■ INSTRUCTIONS FOR THE TASK:
The whole listing below should be printed again exactly, with no images.

■ EXERCISE MATERIALS:
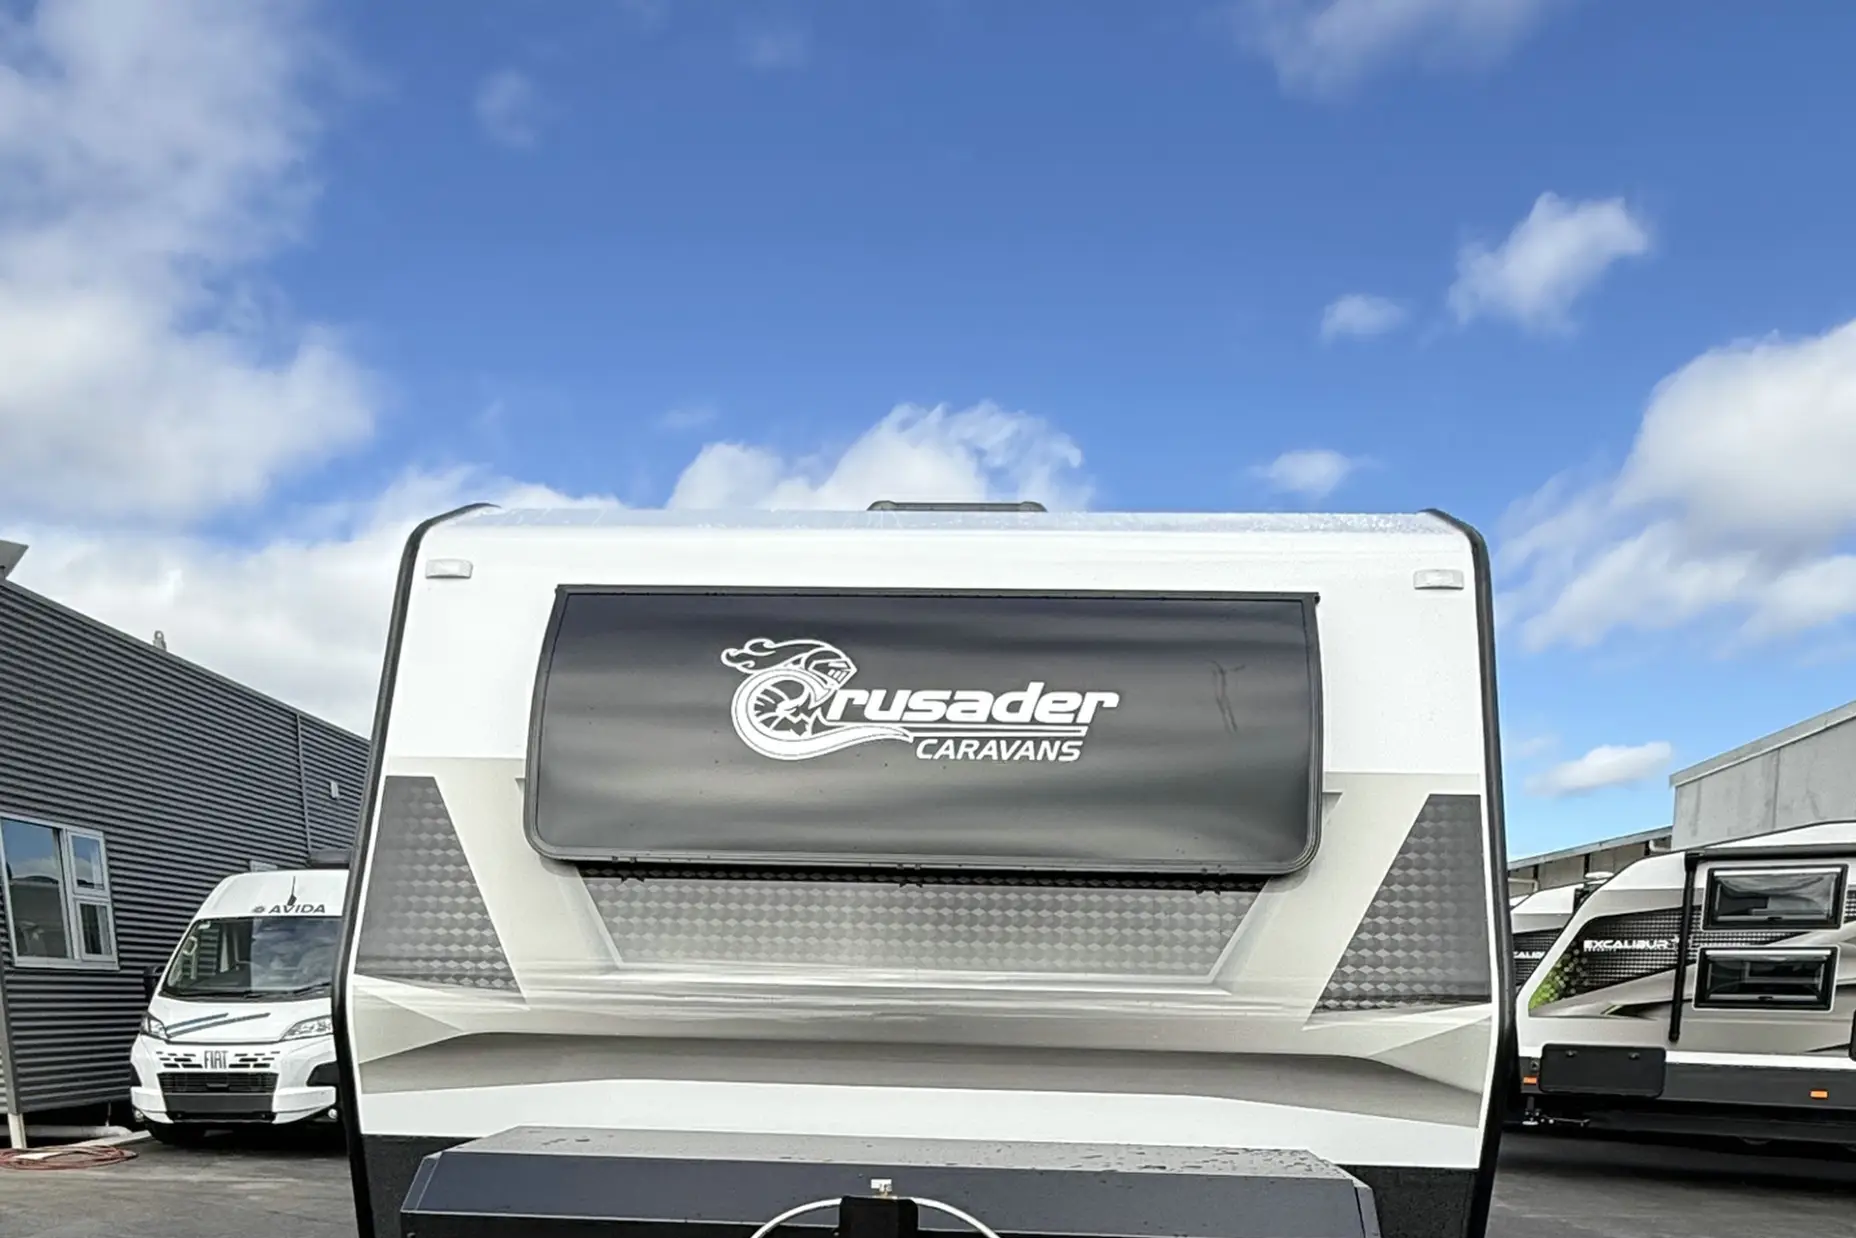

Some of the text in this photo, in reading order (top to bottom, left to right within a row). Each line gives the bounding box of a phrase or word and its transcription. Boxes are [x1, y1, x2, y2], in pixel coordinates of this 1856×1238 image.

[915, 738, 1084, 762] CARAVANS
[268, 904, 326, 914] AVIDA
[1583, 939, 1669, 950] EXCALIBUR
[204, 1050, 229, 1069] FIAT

■ REPLY TO THE TASK:
Some of the text in this photo, in reading order (top to bottom, left to right within a row). Each line gives the bounding box of a phrase or word and its transcription. Boxes are [x1, y1, x2, y2], in pixel coordinates of this 1856×1238 image.

[915, 738, 1084, 762] CARAVANS
[268, 904, 326, 914] AVIDA
[1583, 939, 1669, 950] EXCALIBUR
[204, 1050, 229, 1069] FIAT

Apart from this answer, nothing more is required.